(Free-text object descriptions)
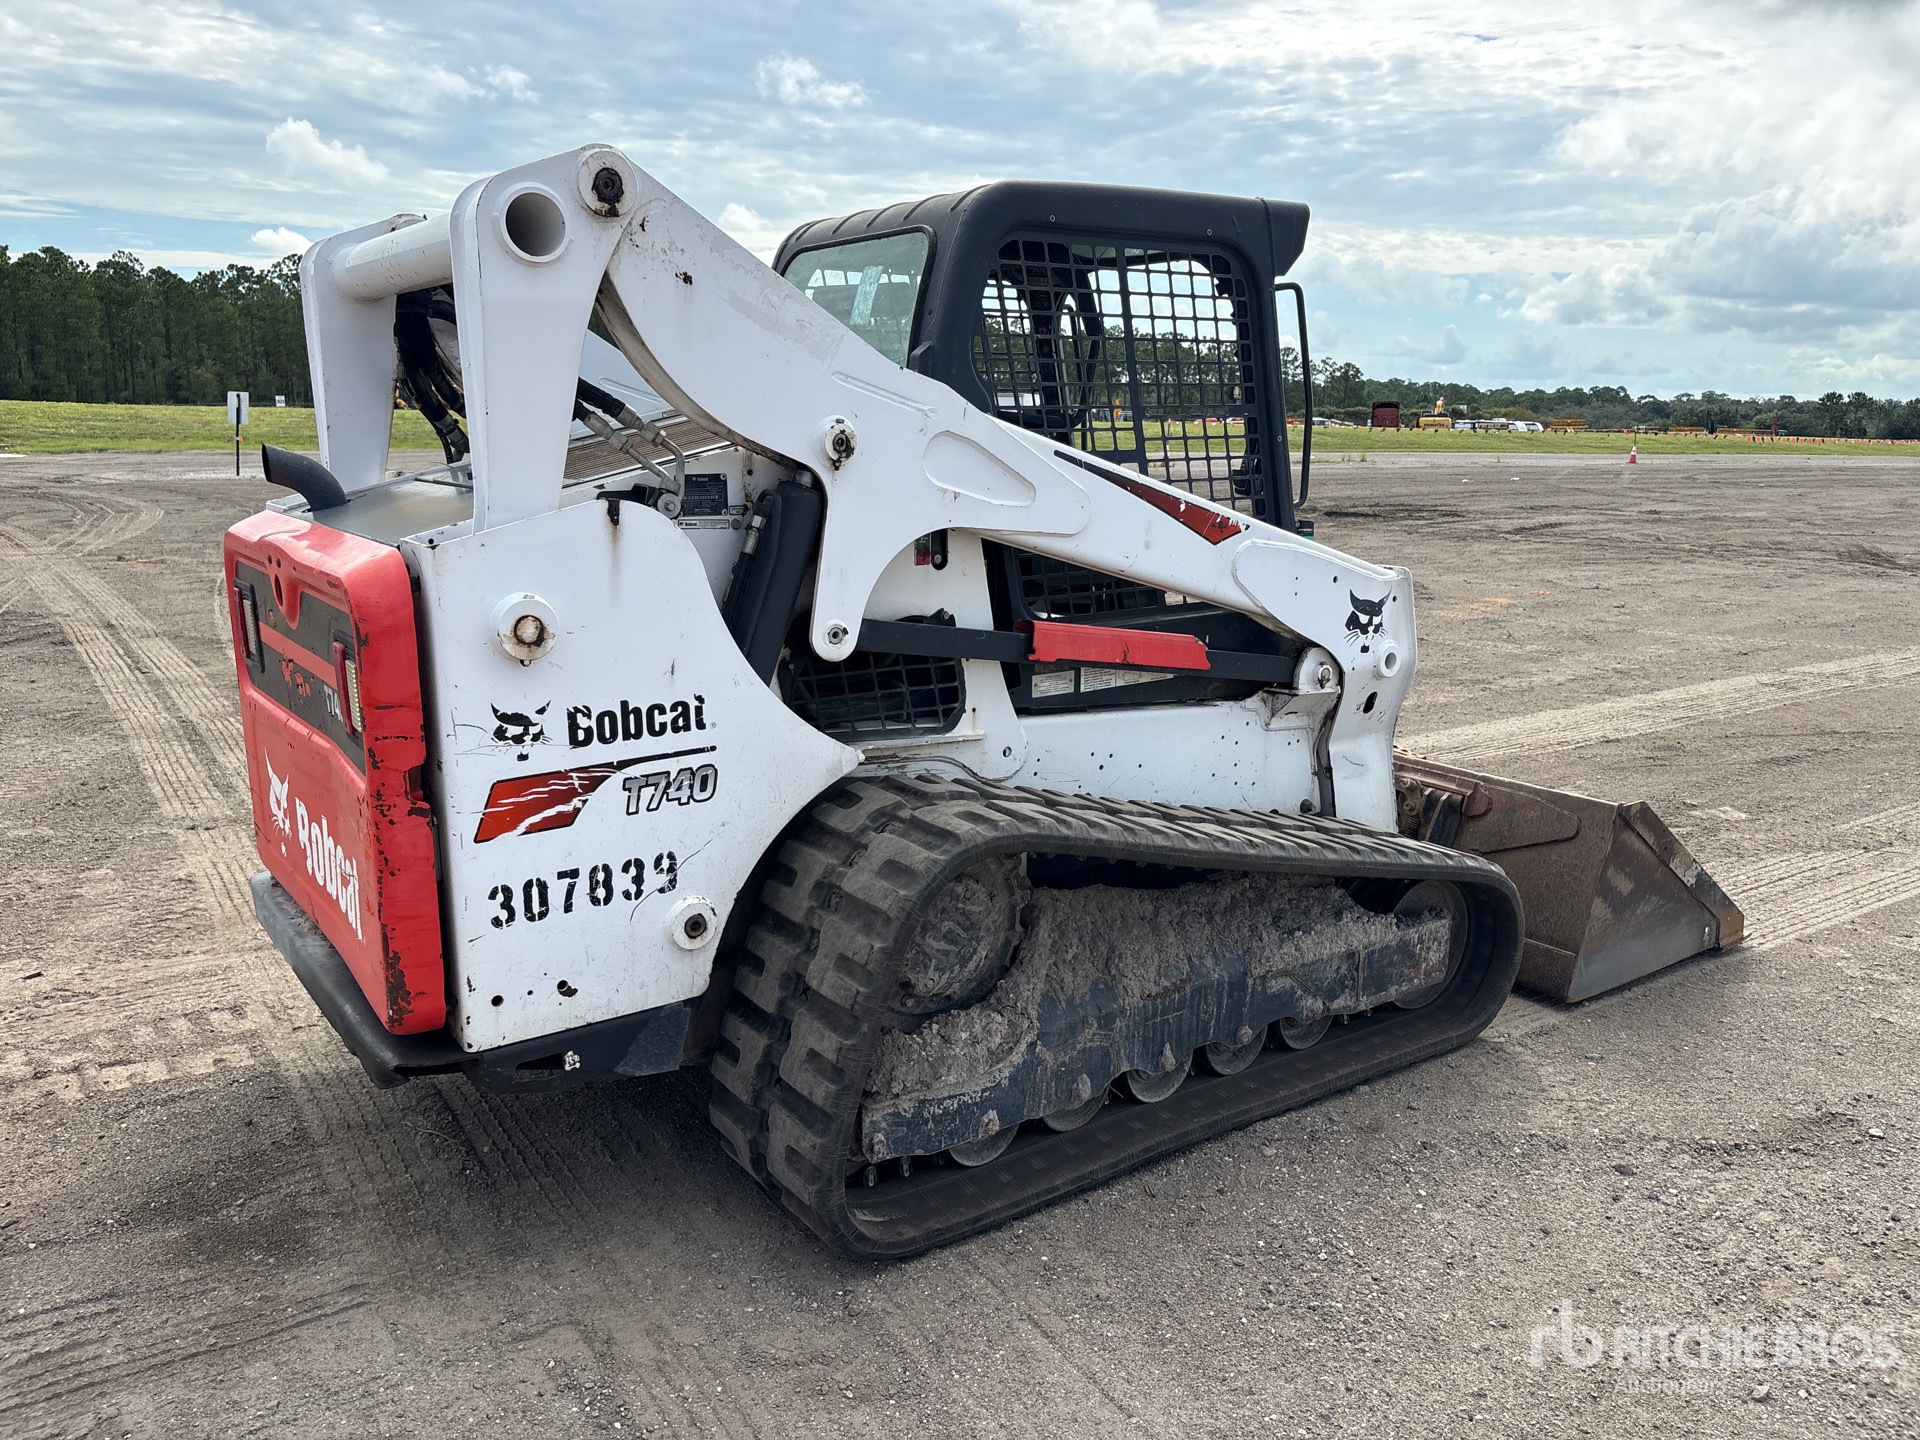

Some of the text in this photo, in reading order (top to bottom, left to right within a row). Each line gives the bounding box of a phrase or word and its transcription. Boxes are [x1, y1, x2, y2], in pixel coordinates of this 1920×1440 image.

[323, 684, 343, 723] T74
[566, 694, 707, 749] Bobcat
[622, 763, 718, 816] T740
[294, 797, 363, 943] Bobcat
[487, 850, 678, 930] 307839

_EXERCISE REQUIREMENTS_
Repeat every record above exactly, but leave out any pictures.

_ANSWER TO THIS EXERCISE_
Some of the text in this photo, in reading order (top to bottom, left to right within a row). Each line gives the bounding box of a phrase or word and its transcription. Boxes are [x1, y1, x2, y2], in pixel coordinates of this 1920×1440 image.

[323, 684, 343, 723] T74
[566, 694, 707, 749] Bobcat
[622, 763, 718, 816] T740
[294, 797, 363, 943] Bobcat
[487, 850, 678, 930] 307839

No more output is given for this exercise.